Word for word and without images, reproduce the listing that follows.
________________
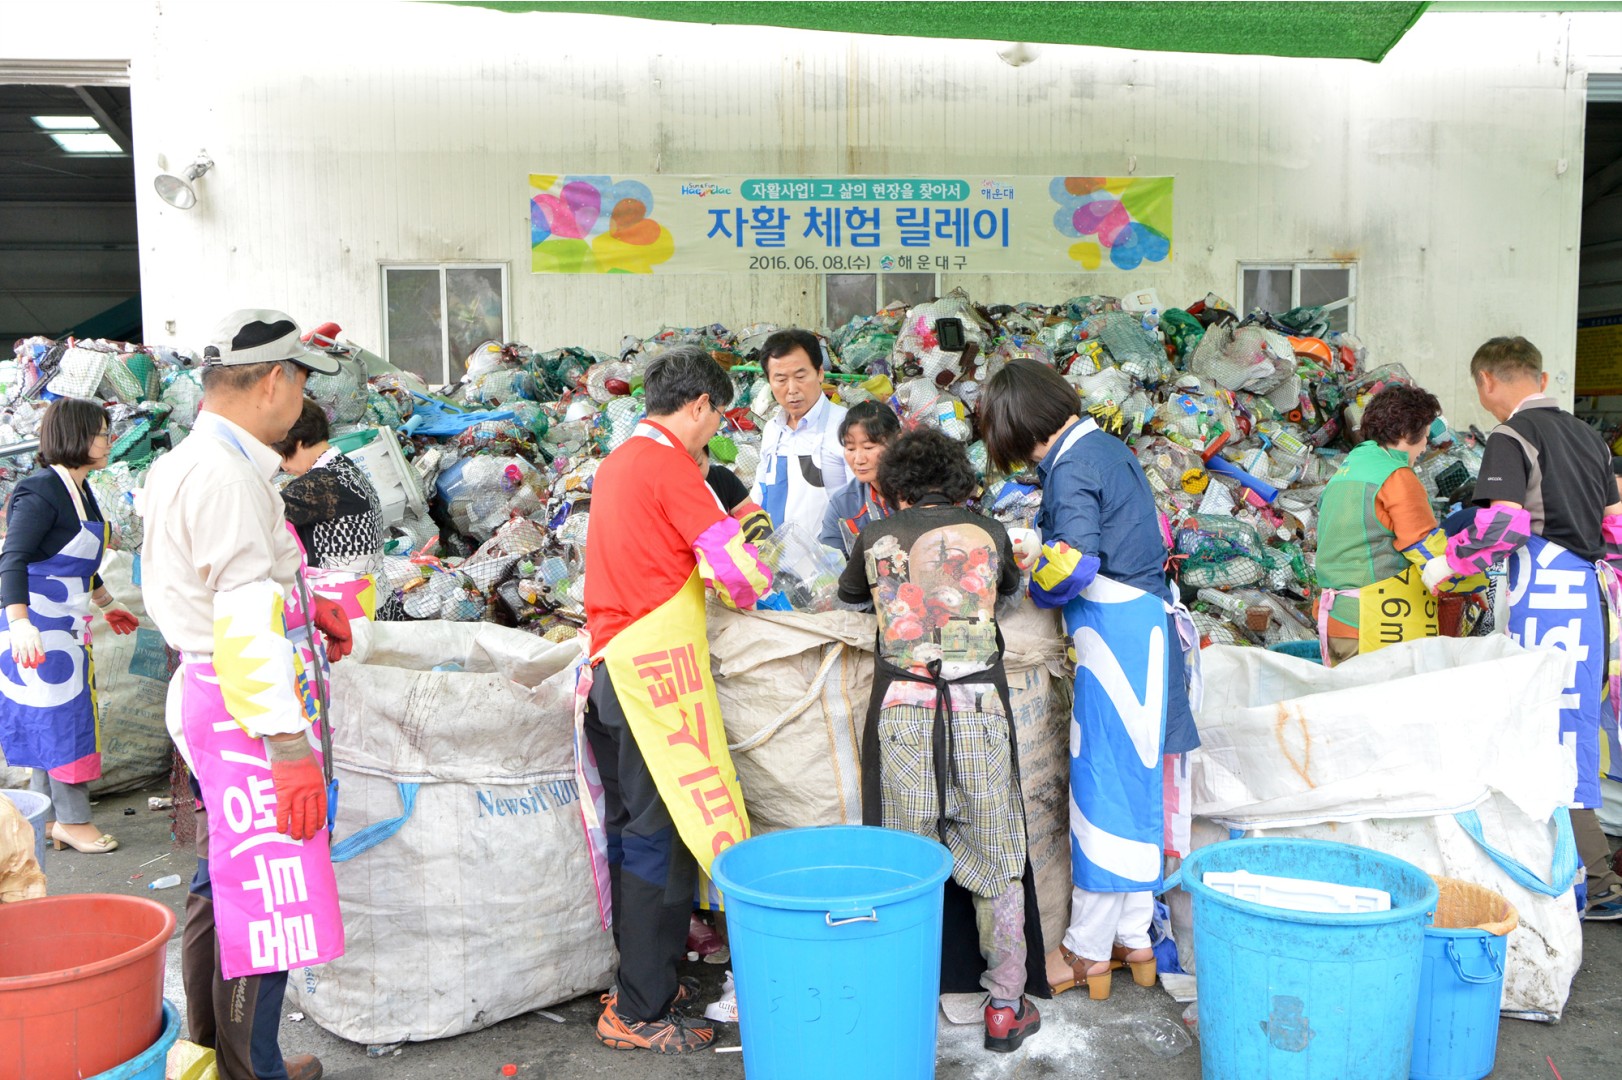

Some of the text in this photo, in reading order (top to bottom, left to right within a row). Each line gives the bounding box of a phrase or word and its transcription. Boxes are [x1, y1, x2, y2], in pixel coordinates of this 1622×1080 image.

[752, 182, 814, 199] 자활사업!
[820, 184, 834, 197] 그
[838, 182, 866, 199] 삶의
[872, 182, 915, 199] 현장을
[919, 182, 961, 199] 찾아서
[981, 188, 1014, 200] 해운대
[706, 205, 1009, 248] 자활 체험 릴레이
[749, 255, 790, 270] 2016.
[794, 255, 818, 270] 06.
________________
= EXERCISE SOLUTION =
Some of the text in this photo, in reading order (top to bottom, left to right within a row). Each line gives the bounding box of a phrase or word and its transcription. Boxes are [x1, y1, x2, y2], in pixel coordinates of this 1622×1080 image.

[752, 182, 814, 199] 자활사업!
[820, 184, 834, 197] 그
[838, 182, 866, 199] 삶의
[872, 182, 915, 199] 현장을
[919, 182, 961, 199] 찾아서
[981, 188, 1014, 200] 해운대
[706, 205, 1009, 248] 자활 체험 릴레이
[749, 255, 790, 270] 2016.
[794, 255, 818, 270] 06.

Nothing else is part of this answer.